Manuela, dos años y medio, juega en el cuarto de estar de sus abuelos maternos. El abuelo le dice algo que a ella le molesta mucho. Manuela, ante la perplejidad de los presentes, le suelta con su lengua de trapo algo parecido a un “…a la porra”. Su madre la saca fuera y le dice contrariada: “Al abuelo no puedes hablarle así y menos mandarle a la porra. Quédate aquí y piénsalo despacio. Cuando estés preparada, vuelve y pídele perdón”. Manuela regresa. Se acerca a su abuelo y le dice: “¿Me perdonas?” Él contesta: “Sí, te perdono, pero está muy mal lo que has hecho”. La niña calla. Poco tiempo después el abuelo pasa a su lado y le repite de nuevo: “Recuerda que eso que has dicho está muy, pero que muy mal, no lo esperaba de ti”.

Llega la hora de volver a casa. Manuela, cogida de la mano de su madre, va a darle un beso a su abuelo para despedirse. Su abuelo, por tercera vez ya, le echa una reprimenda a cuenta de lo sucedido por la mañana. La pequeña no dice nada. La madre tampoco. Se van juntas por el pasillo, Manuela se para, se suelta de la mano y confundida, levanta sus ojos hacia ella. Con gesto de extrañeza le pregunta: “pero, entonces, ¡¿m´ ha perdonao o no m´ha perdonao?!”.

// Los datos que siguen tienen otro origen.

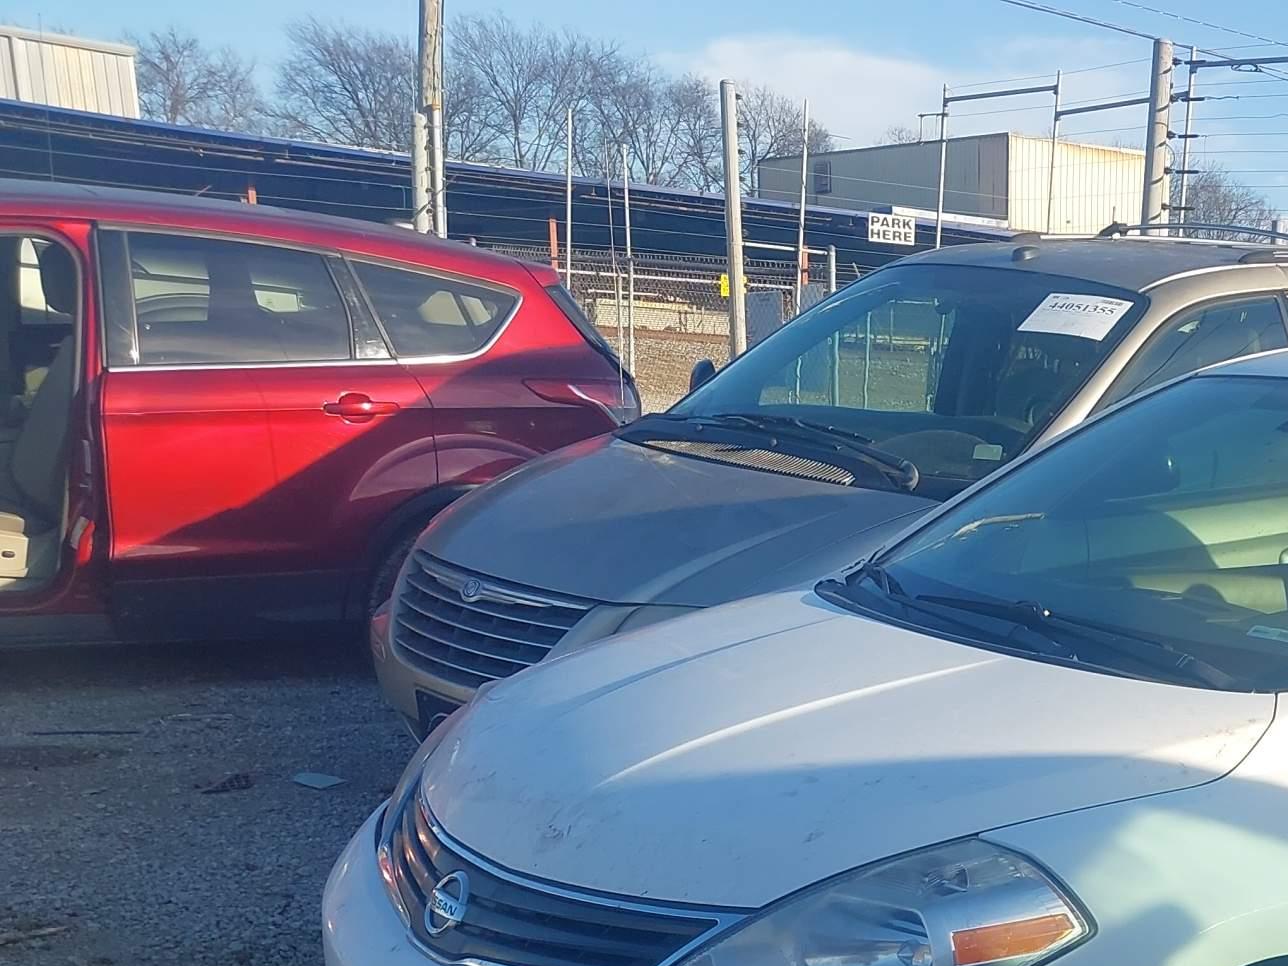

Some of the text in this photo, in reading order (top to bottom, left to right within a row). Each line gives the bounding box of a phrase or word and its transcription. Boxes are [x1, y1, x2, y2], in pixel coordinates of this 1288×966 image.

Cuántas veces “perdonamos” desde una cierta superioridad moral y con algo de fanática vehemencia, empeñados en que quede constancia de que tenemos la razón, convencidos de que nuestra verdad ha de quedar por encima de todo, incluso de aquel a quien creemos perdonar.

Es entonces, sin apenas darnos cuenta, cuando con ese tono de acusación, solapada y sutilmente, vamos enterrando poco a poco, bajo capas de finos y mordaces reproches, aquel débil y condescendiente “te perdono”.

Manuela, a pesar de su corta edad, intuye ya que el verdadero perdón es un regalo inmerecido, gratuito y sin contraprestaciones de ningún tipo.